Competition on Earth

While LEO satellite service providers are working on launching constellations of satellites, it's no secret that federally funded, nationwide broadband rollout enabled by the Biden Administration's Infrastructure and Jobs Act already has hundreds of millions in funding headed to states. It will bankroll statewide broadband deployments by service providers to connect a huge part of LEO operators' target customers – underserved and unserved locations, most located in rural areas.

The problem here is that carriers' expansion media options, fiber, and fixed microwave access (FWA) can offer higher speeds than the LEO technology and may reach customers sooner.

Broadband cable systems also offer speed competition to LEO services and the added benefit of already operating distribution systems with large residential and business reach outside metro areas.

Reliability issues

With incomplete LEO satellite fleets par for the course, the issues of resulting downtime present a concern for enterprises. Downtime is money, and more, so IT managers need to press for strong service-level agreements (SLA) to avoid service interruptions with compensation for unavailability. Heynen advises enterprise IT managers not to subscribe without them.

Geographic coverage

Coverage will improve with more LEO satellite launches. At present, Starlink service is not available in large swaths of the U.S. Other LEO satellite operators, including Viasat and OneWeb, are expanding deployment of the birds to expand geographic coverage around the world.

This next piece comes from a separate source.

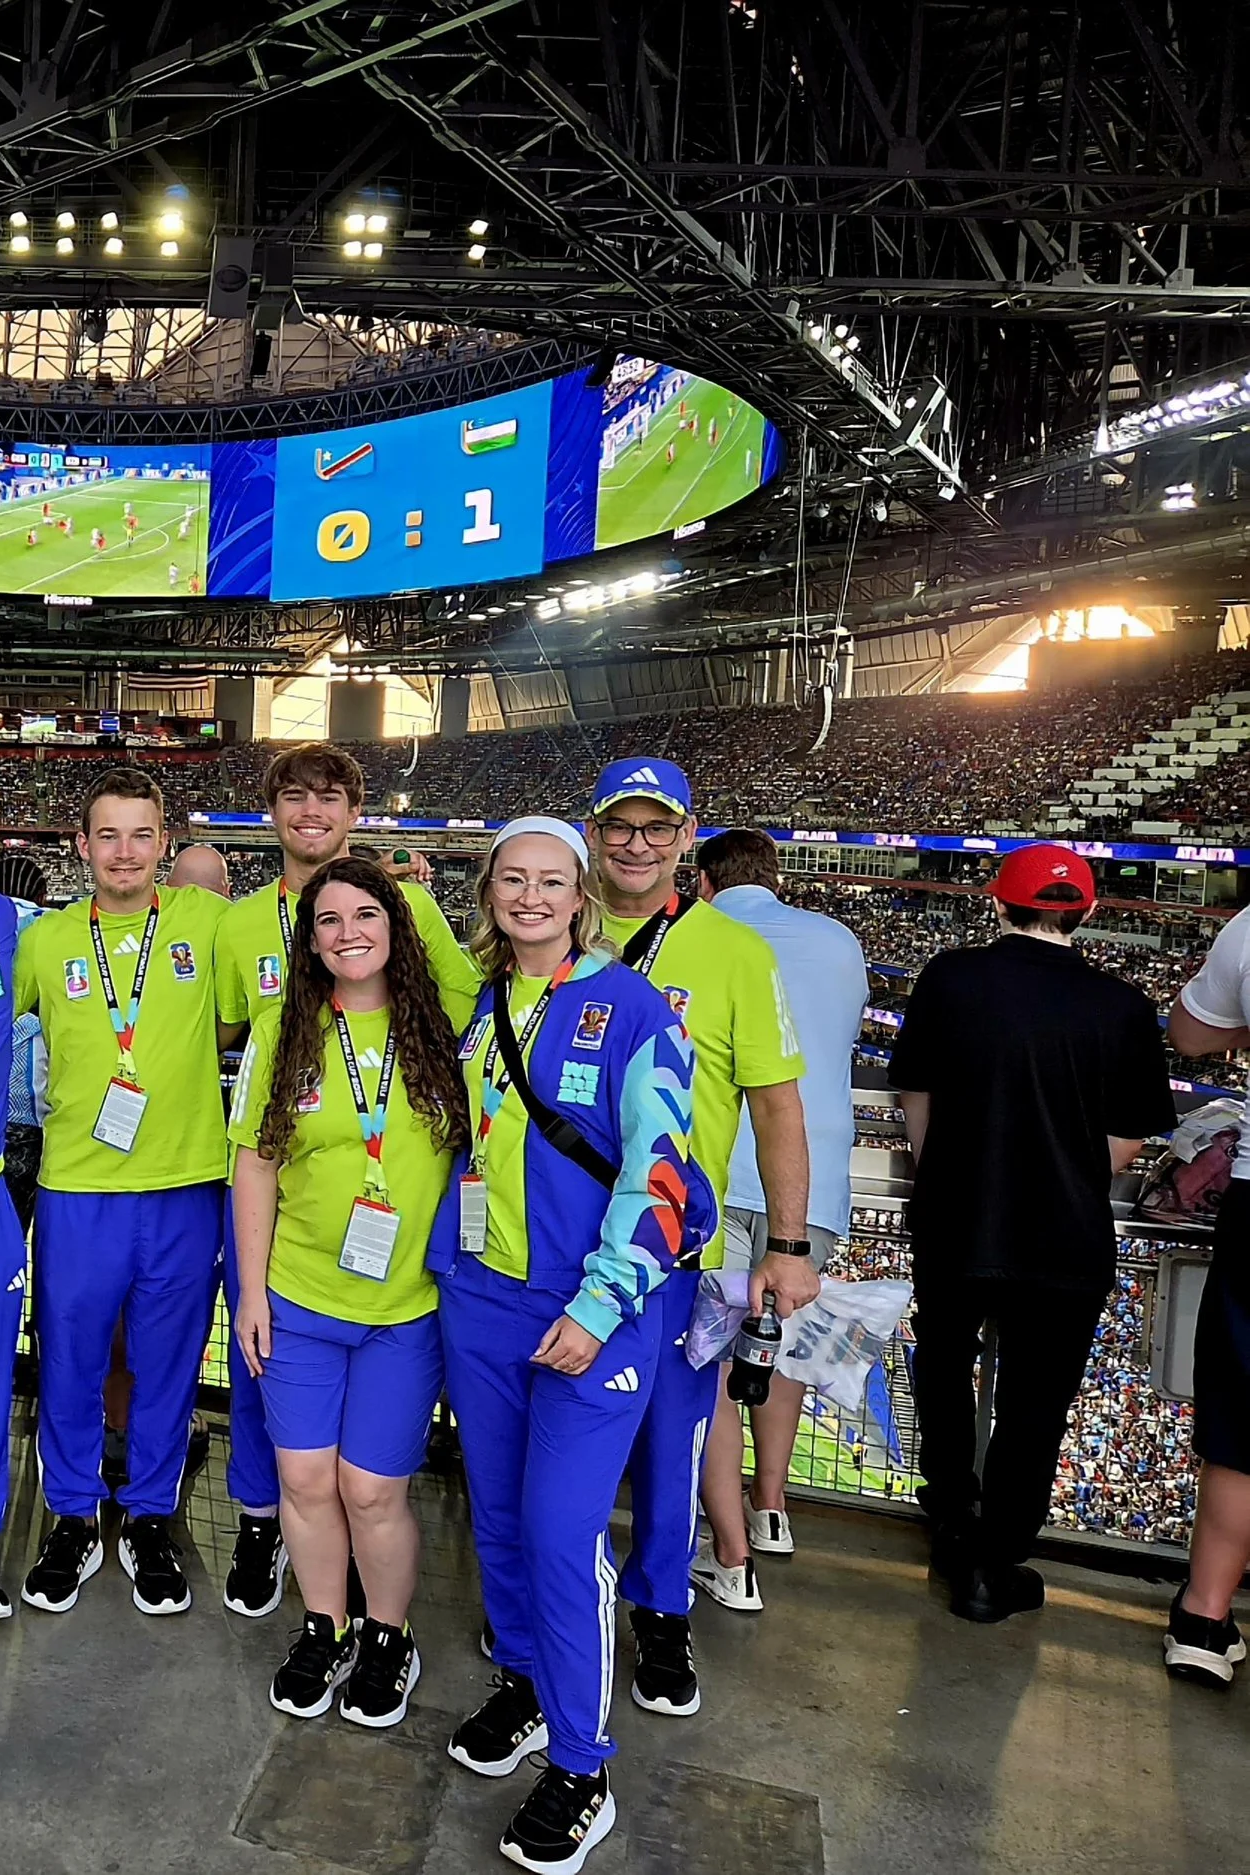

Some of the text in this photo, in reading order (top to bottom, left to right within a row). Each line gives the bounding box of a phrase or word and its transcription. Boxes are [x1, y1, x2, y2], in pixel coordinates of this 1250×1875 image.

Accurate coverage maps will play a crucial role in enterprise IT’s interest in LEO satellite services since service regions vary by provider.

Disputes between operators

Although disputes can slow the rollout of new and current services, it’s unclear if and how a dispute between DISH Networks and SpaceX over spectrum use will impact either.

At issue is SpaceX's claim to the FCC that DISH's use of spectrum in the 12Ghz auction would interfere with Musk's LEO satellite service. DISH seeks to now use the spectrum it paid for video and data distribution service to launch a 5G wireless network service. DISH claims the use of Starlink service on mobile vehicles should lead to service deactivation by the FCC if SpaceX doesn't. Stay tuned.

The bottom line

When compared to traditional satellites in higher, geosynchronous orbit, LEOs fare much better when it comes to latency and speed. But since they do have limitations on the bandwidth they can offer, Heynen believes LEOs are a viable option in cases where fixed broadband operations are limited or unavailable. That’s not to say IT managers shouldn’t keep tabs on this emerging operator service sector as those LEO providers get closer to full satellite fleet deployment and farther from initial launches.

*NOTE: In 2020, the FCC issued Amazon a license that requires Amazon to launch at least half of its planned 3,236-satellite constellation by 2026.